The season is already full of uneasy trios. Lochlan is torn between his older siblings, one of whom wants him to ‘get pussy’ and the other of whom wants to visit the monastery down the road. Mook (Lalisa Manobal), a therapist at the hotel, is caught in a burgeoning love triangle between a hunky bodyguard with a gun (ooh la la) and her friend who works as a hotel parking attendant. And Monaghan, Coon, and Bibb are definitely not the blissful childhood soulmates that they perform.

Are there any shocks in the first episode of White Lotus?

There were two main surprises about this season’s premiere. The first is that White Lotus is throwing daggers. You might be prepared to see a body getting loaded onto a plane or floating in the ocean in the first scene, but you probably weren’t prepared for a mass shooter. The opening is considerably more upsetting than any previous season, and it feels like a pointed attack on anyone who thought they could drift comfortably into escapism when they turn the show on. 

The fact that this scene is centred on a character who we immediately like (we’re led to believe that he is Belinda’s son) makes it even more distressing. It’s a reminder that White hasn’t actually pulled his punches in the past, either. Remember in the first season when Sidney Sweeney’s friend had an incredibly sexy, sweet holiday romance with a hotel employee only to give him the code to the family’s safe and allow him to go to prison without saying a word? Absolutely savage. There is savagery afoot again.
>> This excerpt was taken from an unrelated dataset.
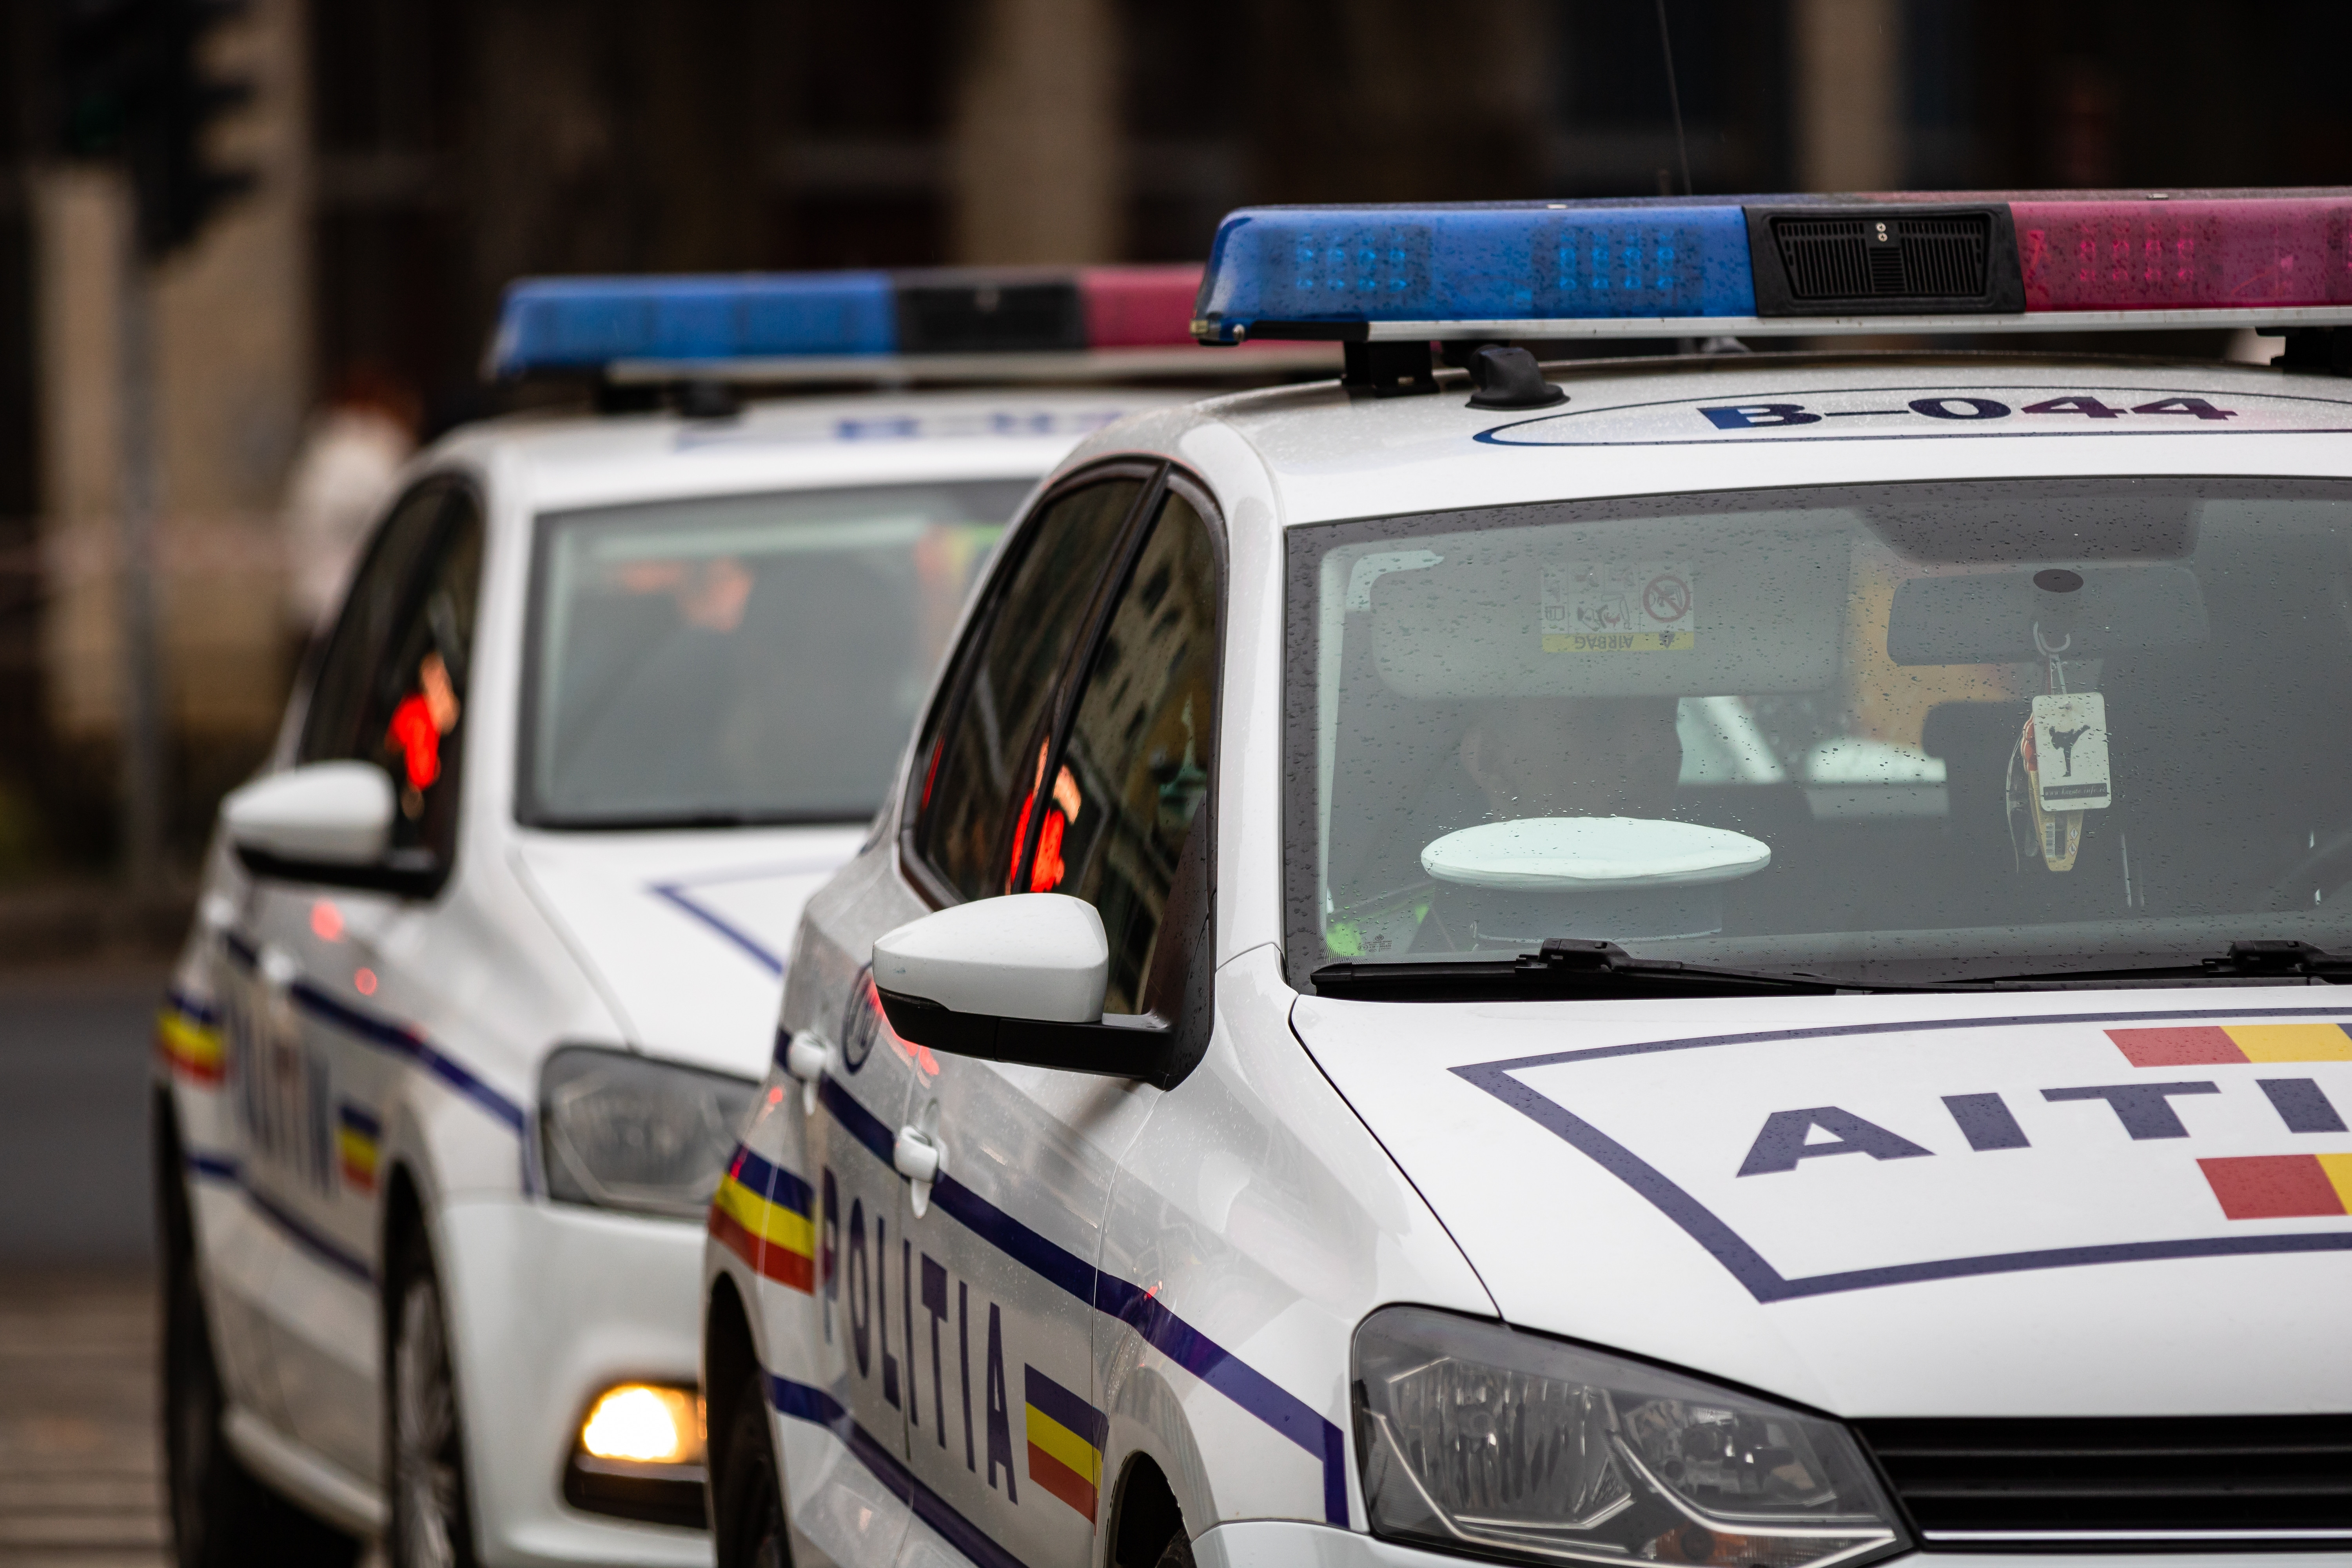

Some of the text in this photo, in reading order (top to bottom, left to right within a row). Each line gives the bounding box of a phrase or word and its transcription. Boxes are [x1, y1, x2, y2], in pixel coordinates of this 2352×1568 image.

[1695, 396, 2239, 430] B-044
[1574, 634, 1634, 650] AIRBAG
[823, 1165, 1019, 1506] POLITIA
The other main surprise is that Posey spends most of the episode so jet-lagged that it’s not immediately obvious whether she will, in fact, fill Jennifer Coolidge’s exquisitely campy shoes as everyone assumed she would when she was cast. I found myself gulping with concern when I heard her accent for the first time. Surely it’s too much? Instead of instantly falling under her spell as I was expecting, I found myself writing three words: ‘Carrie Fucking Coon.’ She is an actor who can do anything and is so quietly charismatic that I have a feeling she will be the sneaky emotional crux of the season. Stay tuned on that one.

Otherwise, how do we feel about that reworked theme song? Without the gasping vocals, I’m just not sure it has the same weird intensity and propulsiveness befitting the show. I am also curious to find out whether Sam Nivola as Lochlan will be more in the mould of Albie from last season or Quinn from the first season.

As a final side note, I haven’t mentioned Fabian, our new hotel manager who seems extremely nervous, or Patravadi Mejudhon as an actress-turned-hotel owner and the wife of a mystery American billionaire who Goggins’s character might be trying to murder. But I’m pretty sure they’ll have their time in the spotlight in due course. Oh, and a word to the wise: do not stick around after the end credits. Massive spoilers all ’round.